La littérature économique sénégalaise s’enrichit ce mois-ci d’une nouvelle publication axée sur les dynamiques professionnelles en Afrique de l’Ouest. Dirigé par un universitaire de renom, ce travail collectif se penche sur la trajectoire de la classe moyenne féminine dans l’espace UEMOA et met en lumière un obstacle spécifique qui freine l’accès aux postes qualifiés.

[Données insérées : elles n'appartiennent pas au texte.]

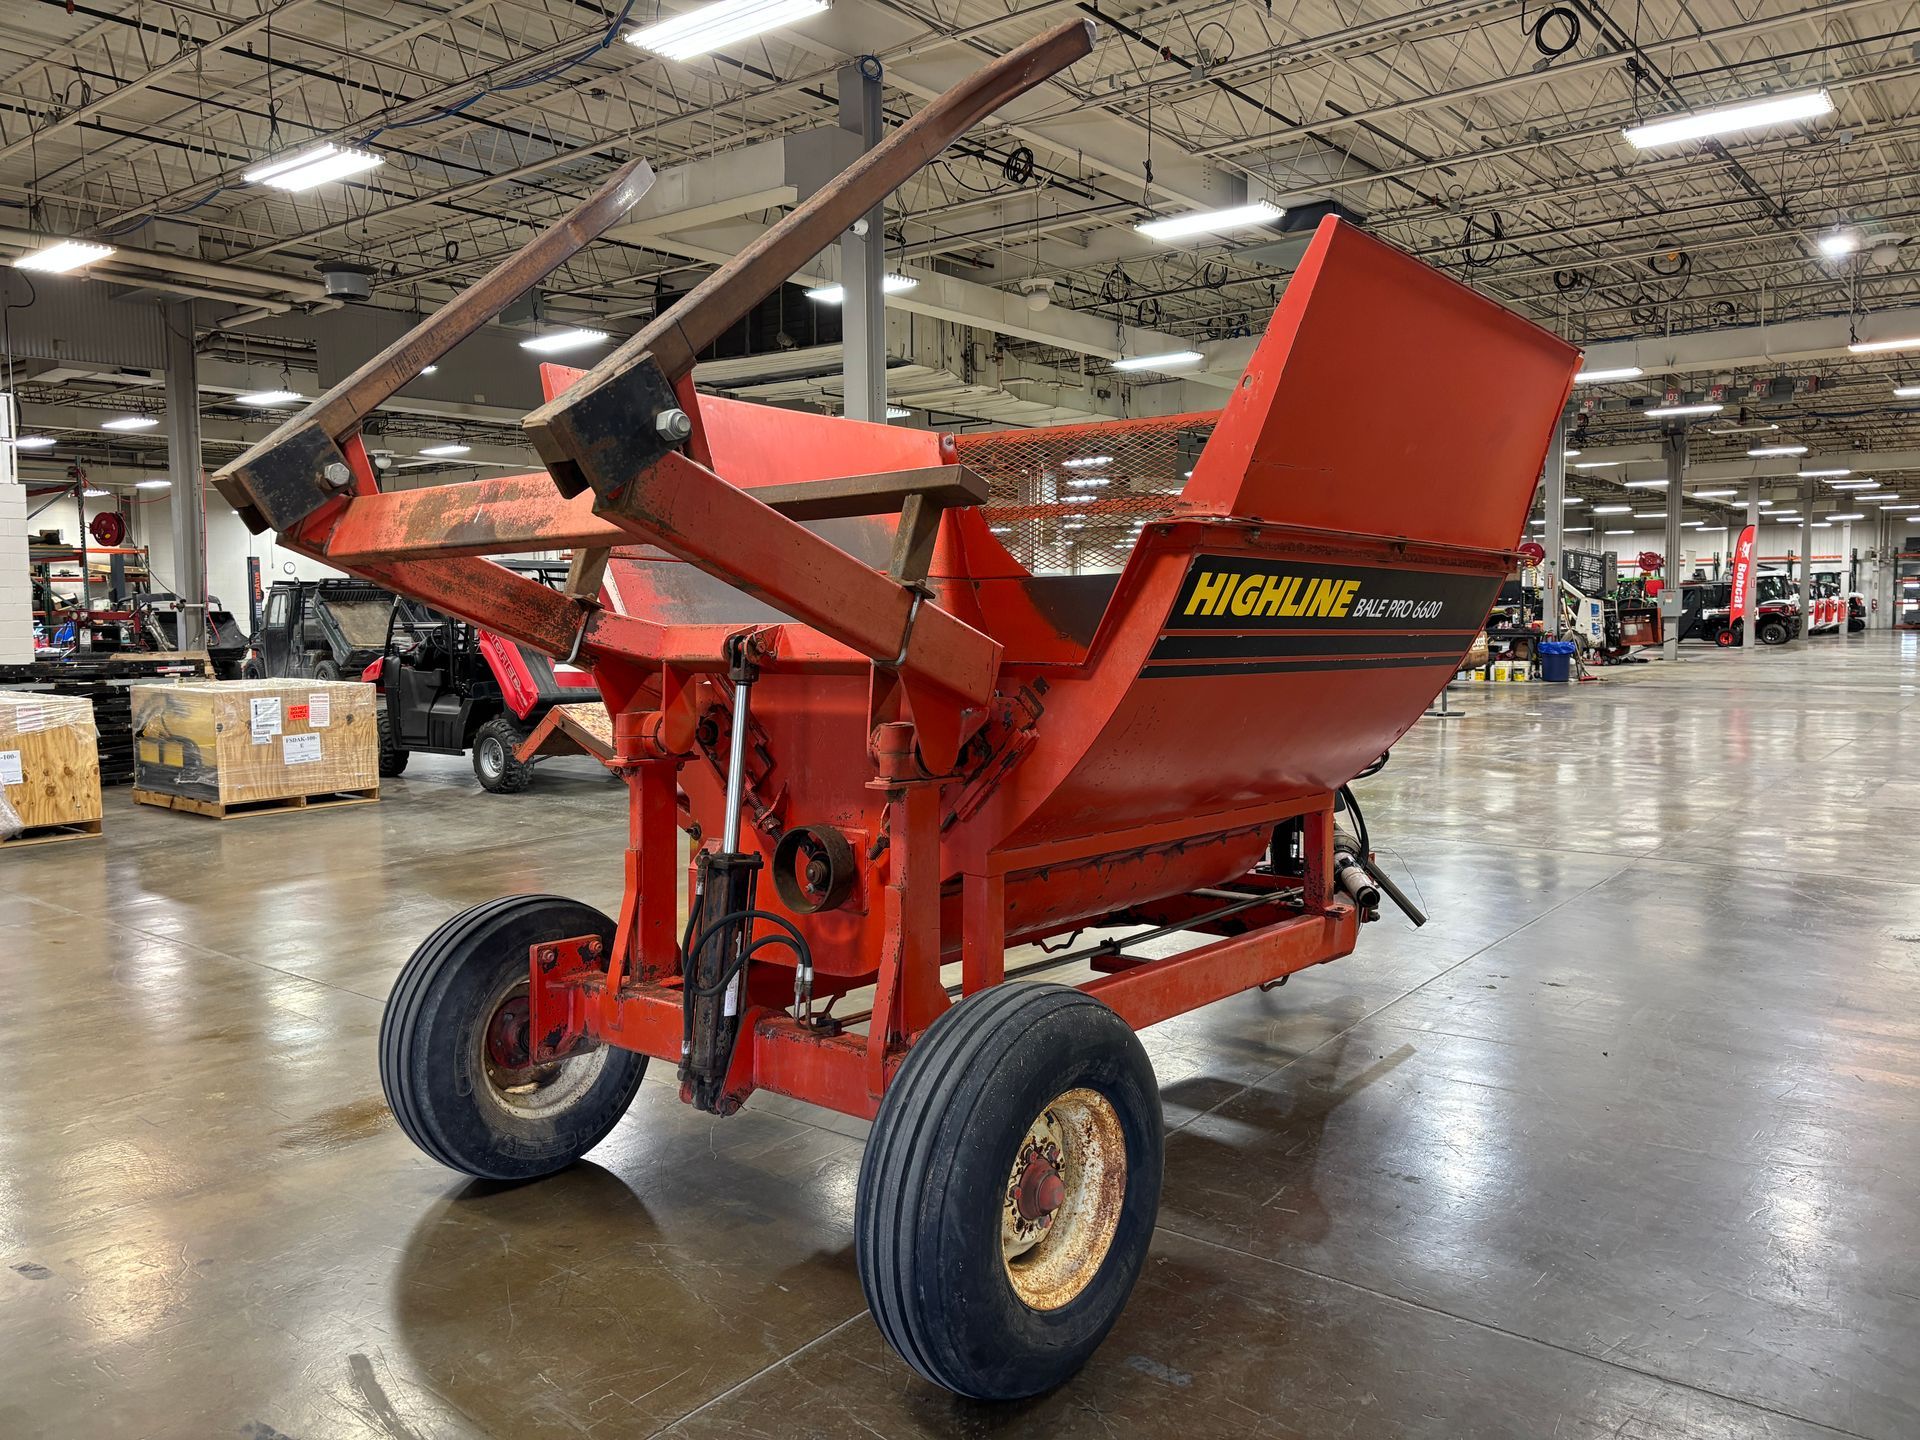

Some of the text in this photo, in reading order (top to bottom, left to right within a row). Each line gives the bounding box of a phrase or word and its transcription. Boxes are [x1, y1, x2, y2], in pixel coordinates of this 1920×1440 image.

[1183, 572, 1362, 617] HIGHLINE
[1734, 563, 1747, 608] Bobcat
[1352, 598, 1443, 619] BALE PRO 6600

C’est une réalité quotidienne, souvent reléguée au second plan, qui se trouve au cœur de ce nouveau livre. Selon les informations de Sud Quotidien, l’ouvrage intitulé « La contrainte de garde d’enfants, un frein à l’essor de la classe moyenne féminine dans l’espace UEMOA » paraîtra prochainement aux Presses Universitaires de Dakar (PUD). Les recherches, coordonnées par l’économiste sénégalais Joe Cabral, démontrent comment l’absence ou la faiblesse de solutions de garde formelles empêche les femmes d’accéder à des emplois stables.
L’étude se concentre sur plusieurs pays de la sous-région, notamment le Sénégal, la Côte d’Ivoire, le Burkina Faso et le Bénin. Elle décortique les arbitrages constants que les femmes doivent opérer entre le travail rémunéré, la prise en charge des enfants et les normes sociales qui leur assignent encore majoritairement cette responsabilité.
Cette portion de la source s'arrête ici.